The Doll's House Essay Questions

  1. 1

    What is significant about the Burnell girls' school in "The Doll's House"?

    "The Doll's House" uses the microcosm of the Burnell children's mixed-income school to illustrate how the economic divisions of class create barriers between people in a society—barriers that perpetuate hierarchical attitudes, prejudice, and ostracism. Social class is most apparent in the story through Mansfield's contrast of the economically and socially privileged lives of the Burnell children to the impoverished, underclass subsistence of the Kelveys. While the Burnells live in a large house with servants, special-occasion dresses, a servant-driven buggy that picks them up from school, and eat thick mutton sandwiches, the Kelveys wear clothes made from the Burnell's recycled tablecloth and eat jam sandwiches wrapped in newsprint. The Burnells' mother forbids her daughters from associating with the Kelveys, and the Burnells' social exclusion of the Kelveys is adopted by other students, thereby cementing the Kelveys' social ostracism. In this way, Mansfield shows how the class prejudice of the Burnells' mother leads to a recreation of the greater society's class hierarchy within the setting of the school.

  2. 2

    What does the doll's house at the center of the story represent?

    In "The Doll's House," the doll's house the Burnell children receive symbolizes social privilege.

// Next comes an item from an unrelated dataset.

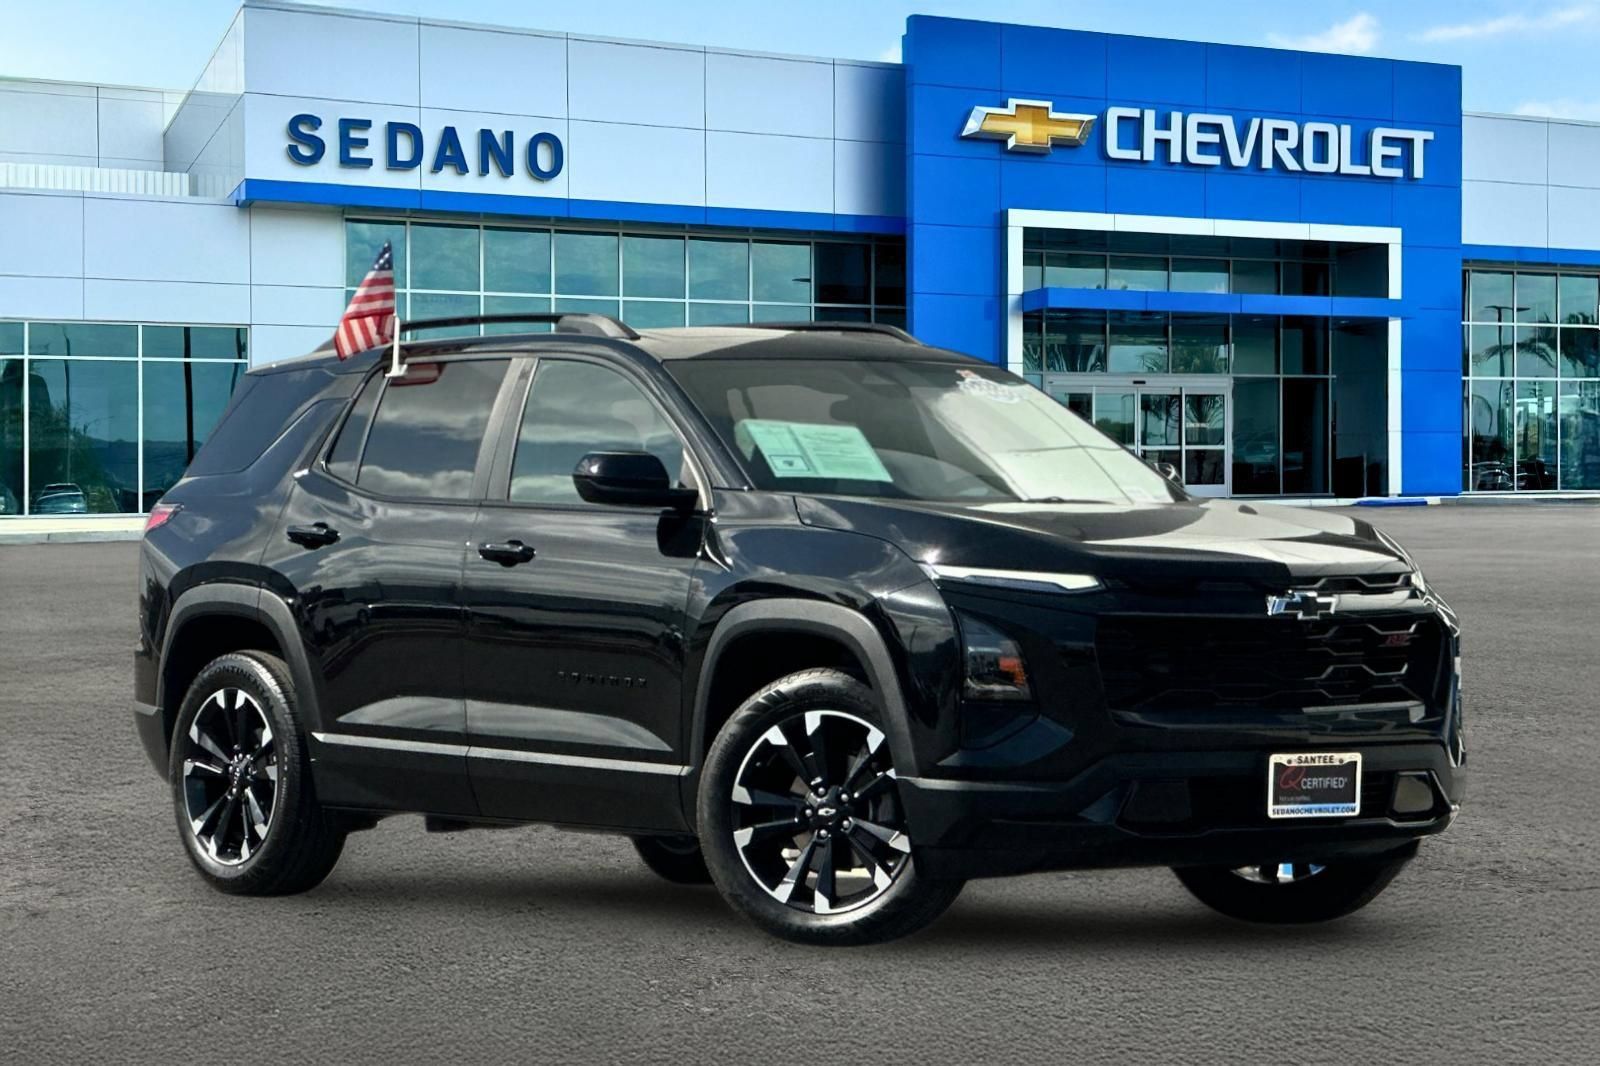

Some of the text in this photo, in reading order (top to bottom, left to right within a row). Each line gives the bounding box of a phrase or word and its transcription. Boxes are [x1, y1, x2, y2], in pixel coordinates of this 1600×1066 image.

[287, 113, 564, 182] SEDANO
[1105, 106, 1435, 179] CHEVROLET
[1297, 755, 1335, 764] SANTEE
[1272, 805, 1357, 815] SEDANOCHEVROLET.COM

A gift from Mrs. Hay, a wealthy guest at the Burnells' home, the doll's house serves to elevate the Burnell girls' social status even higher within the social hierarchy of their mixed-income school. The eldest daughter Isabel understands that she can use the doll's house to enhance the aura of importance that already surrounds her. She intuitively knows that by only allowing two girls per day to see the doll's house, she can create a hierarchy of importance by determining who gets to see it first. In this way, Mansfield depicts how the privilege of owning the doll's house extends to the privilege of who gets to see the doll's house. Once every girl at school except the Kelveys has seen the doll's house, the hierarchy ceases to matter. However, privilege is still used as a weapon to separate everyone who has seen the doll's house from the only two who haven't because of their underclass status.

  3. 3

    What is the significance of the little lamp in the doll's house?

    The lamp on the dining table in the doll's house is a symbol of Kezia and Else's innocence. Kezia distinguishes herself from her sisters by zeroing in on the amber-colored lamp with the white globe when she and her sisters are first viewing the doll's house. Kezia admires how lifelike the lamp is, and marvels at how when she shakes it she discovers it is full of a liquid that emulates oil. When her sisters boast about the doll's house the next day at school, Isabel doesn't discuss the lamp with the emphasis Kezia believes it deserves. The lamp doesn't enter the story again until the end of the story when Else Kelvey tells her sister Lil, "I seen the little lamp." The line confirms that Else heard Kezia mention the lamp and was similarly enchanted by it when she finally saw the famous doll's house. In their shared appreciation of the little lamp, Else and Kezia are united in their innocence; they are the only characters who appreciate the doll's house for what it is and not the privileges it confers.